[Records drawn from a dataset]

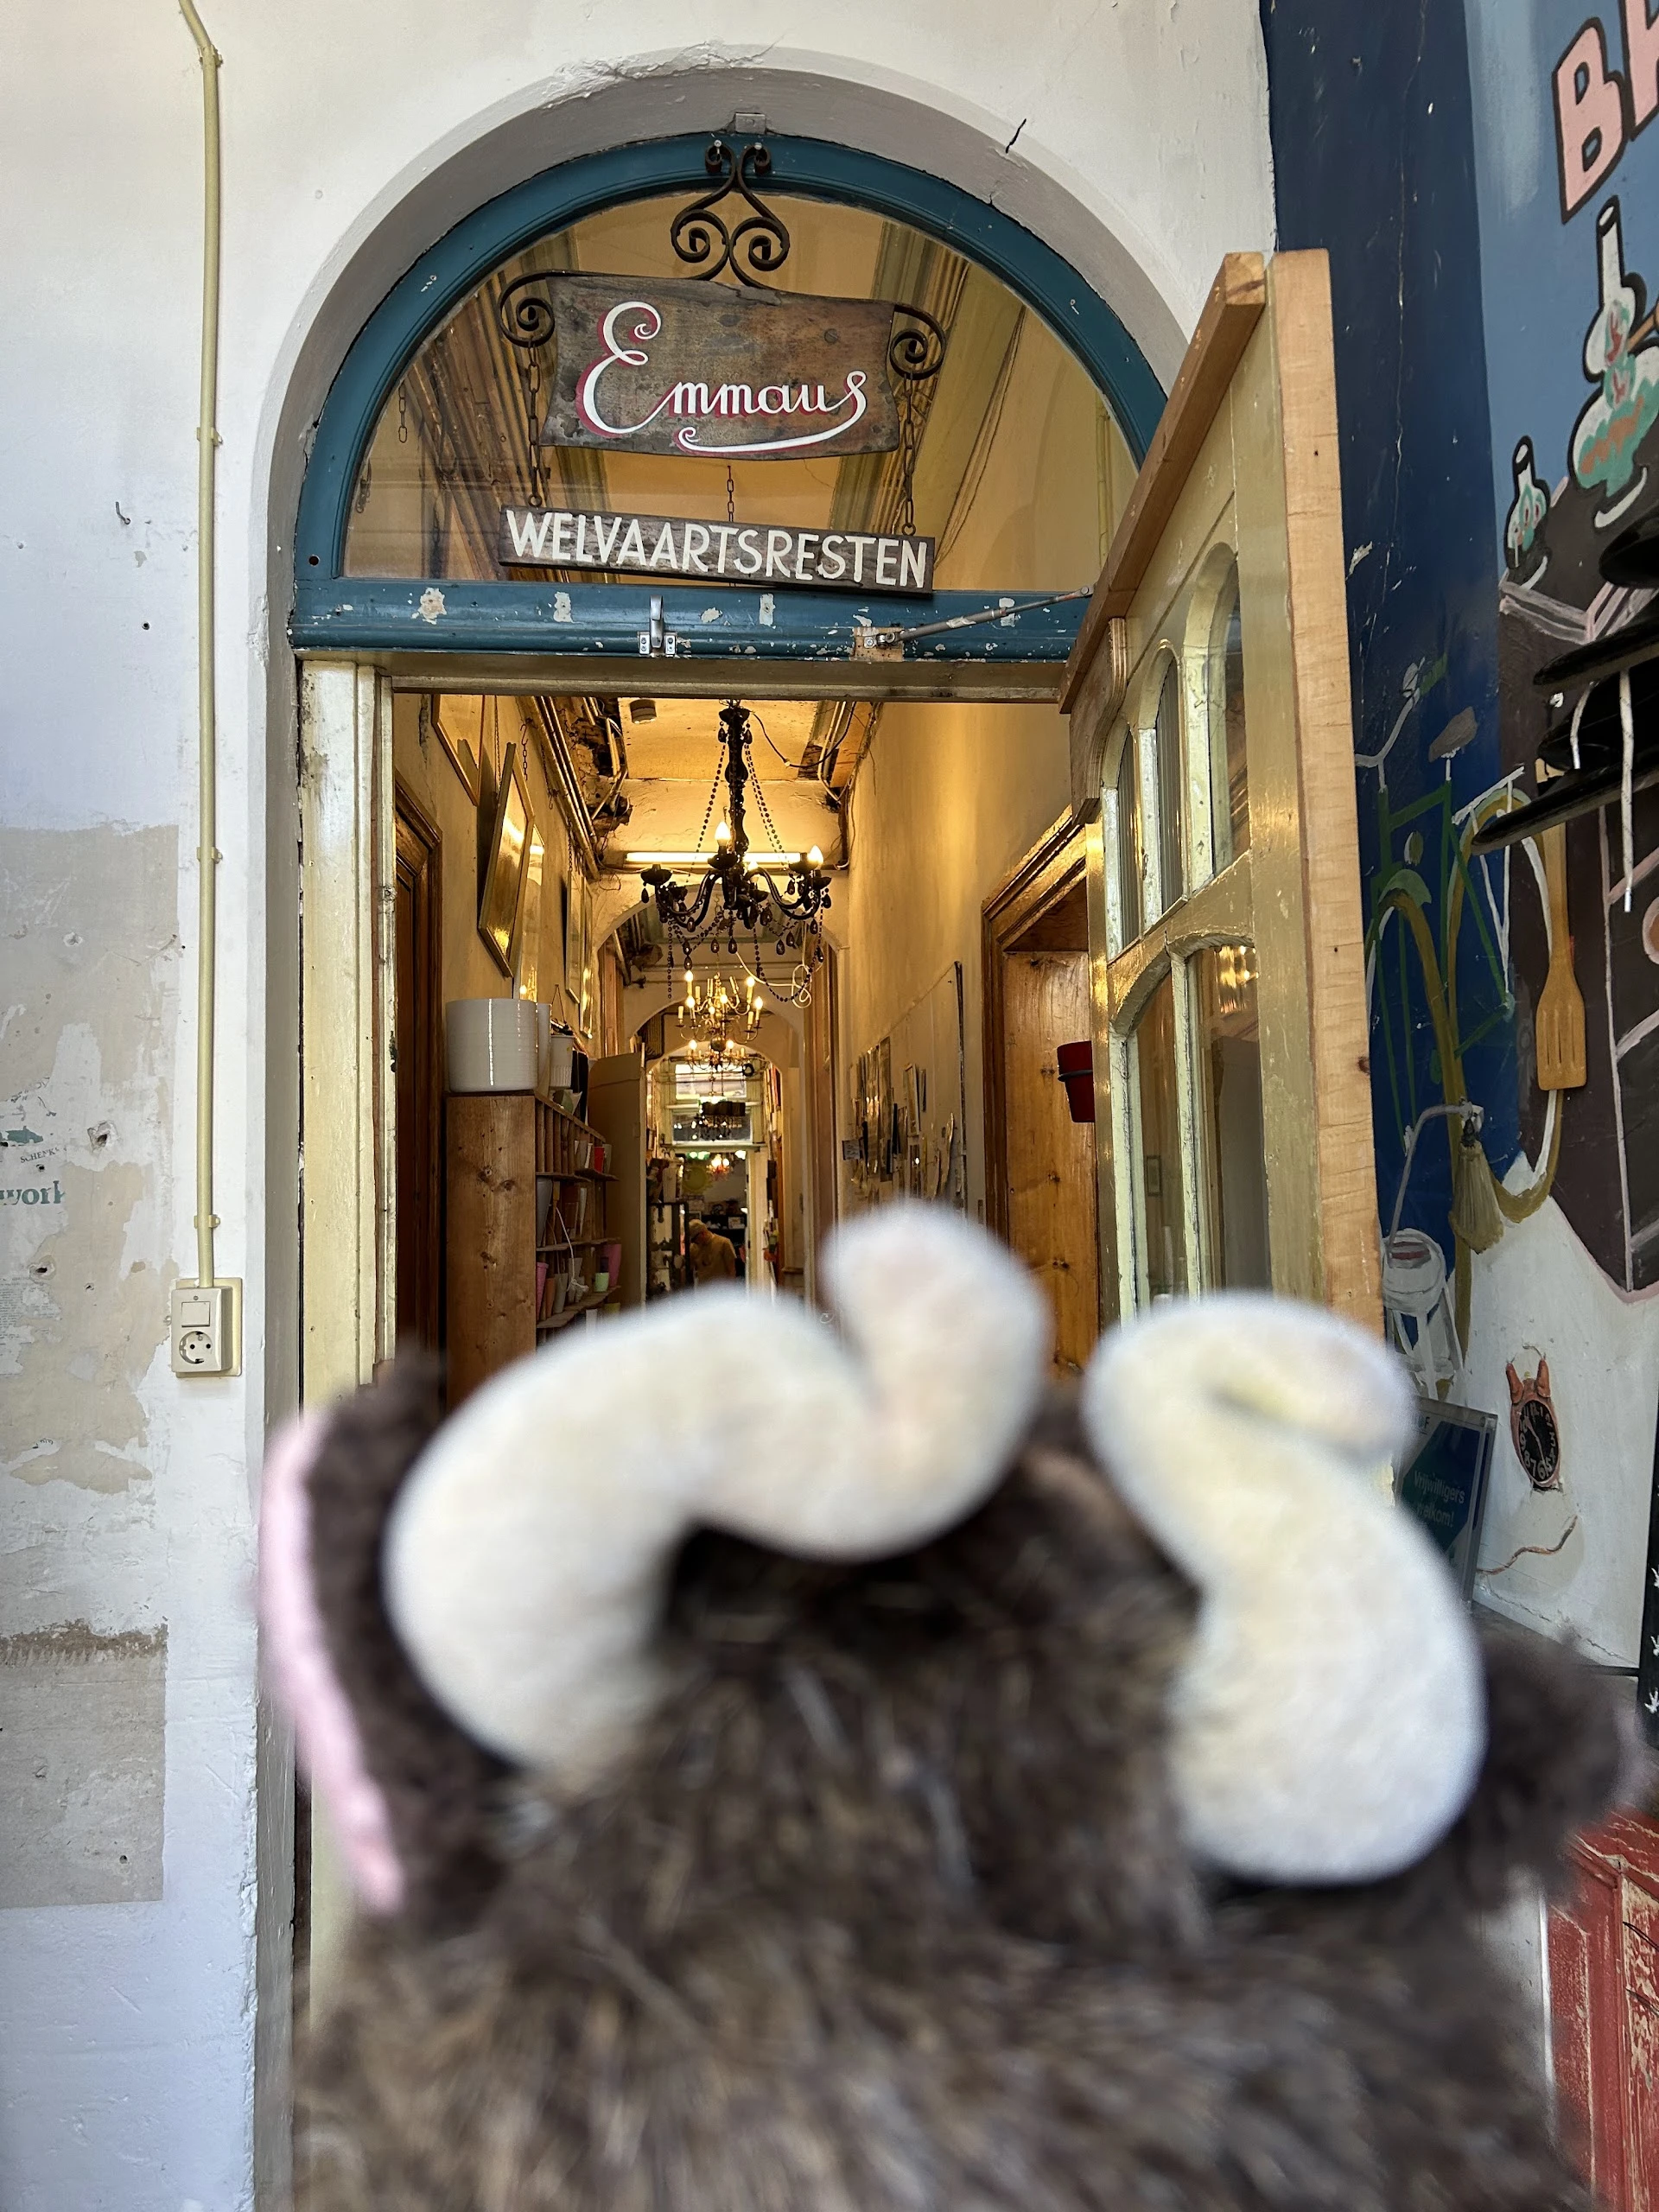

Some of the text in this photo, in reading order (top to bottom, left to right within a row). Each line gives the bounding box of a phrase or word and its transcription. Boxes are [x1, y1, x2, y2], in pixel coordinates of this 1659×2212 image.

[576, 301, 867, 453] Emmaus
[505, 509, 929, 589] WELVAARTSRESTEN
[1414, 1470, 1465, 1504] Vrijwilligers
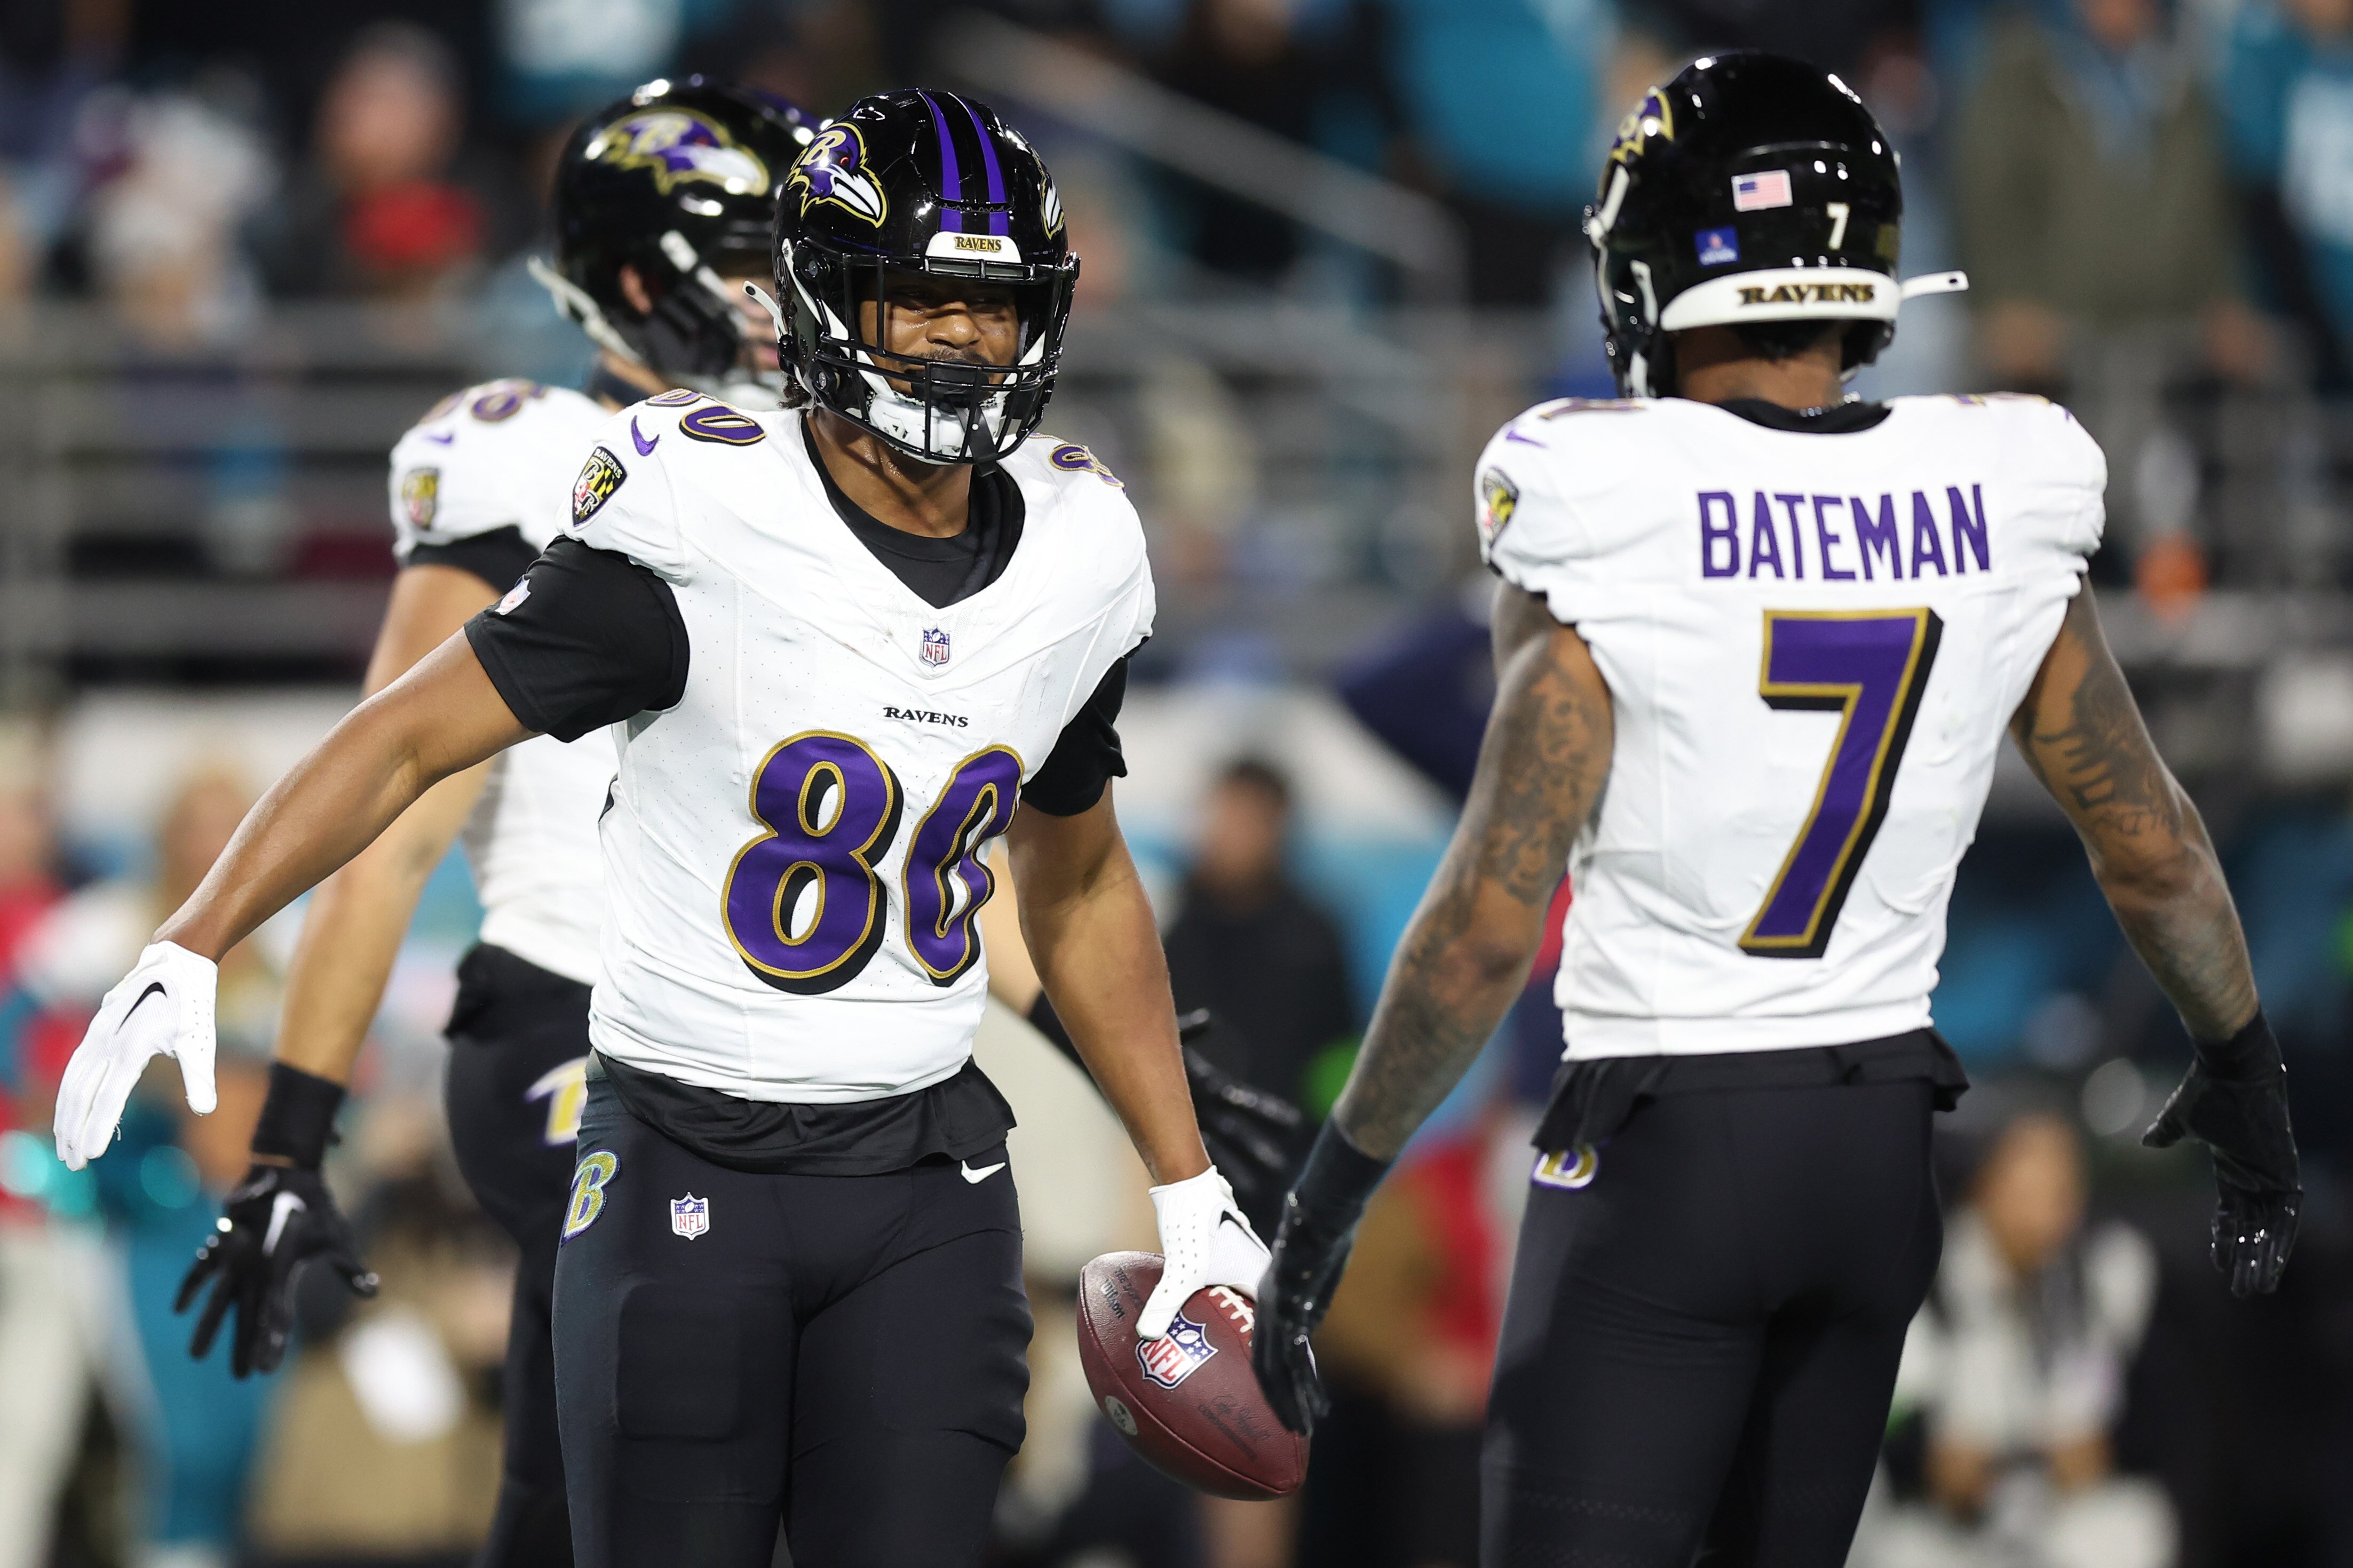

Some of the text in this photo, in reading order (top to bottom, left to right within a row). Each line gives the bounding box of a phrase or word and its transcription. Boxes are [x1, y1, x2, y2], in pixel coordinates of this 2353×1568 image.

[800, 130, 846, 165] B
[1826, 202, 1850, 251] 7
[954, 236, 1002, 253] RAVENS
[1738, 283, 1875, 305] RAVENS
[594, 449, 623, 479] RAVENS
[1697, 483, 1992, 581] BATEMAN
[925, 643, 947, 662] NFL
[883, 706, 969, 728] RAVENS
[1738, 607, 1944, 959] 7
[720, 729, 1026, 995] 80
[561, 1149, 621, 1246] B
[678, 1214, 703, 1231] NFL
[1142, 1338, 1186, 1382] NFL

• **Exercise requirements**
Omit the pictures; set down each record exactly.

• **Task solution**
Some of the text in this photo, in reading order (top to bottom, left to right within a row). Each line gives the bounding box of a phrase or word and its transcription. Boxes are [x1, y1, x2, y2], in pixel coordinates of this 1659×2212 image.

[576, 301, 867, 453] Emmaus
[505, 509, 929, 589] WELVAARTSRESTEN
[1414, 1470, 1465, 1504] Vrijwilligers

Some of the text in this photo, in reading order (top to bottom, left to right within a row). Each line gives the bounding box of a phrase or word and its transcription. Boxes are [x1, y1, x2, y2], in pixel coordinates of this 2353×1568 image.

[800, 130, 846, 165] B
[1826, 202, 1850, 251] 7
[954, 236, 1002, 253] RAVENS
[1738, 283, 1875, 305] RAVENS
[594, 449, 623, 479] RAVENS
[1697, 483, 1992, 581] BATEMAN
[925, 643, 947, 662] NFL
[883, 706, 969, 728] RAVENS
[1738, 607, 1944, 959] 7
[720, 729, 1026, 995] 80
[561, 1149, 621, 1246] B
[678, 1214, 703, 1231] NFL
[1142, 1338, 1186, 1382] NFL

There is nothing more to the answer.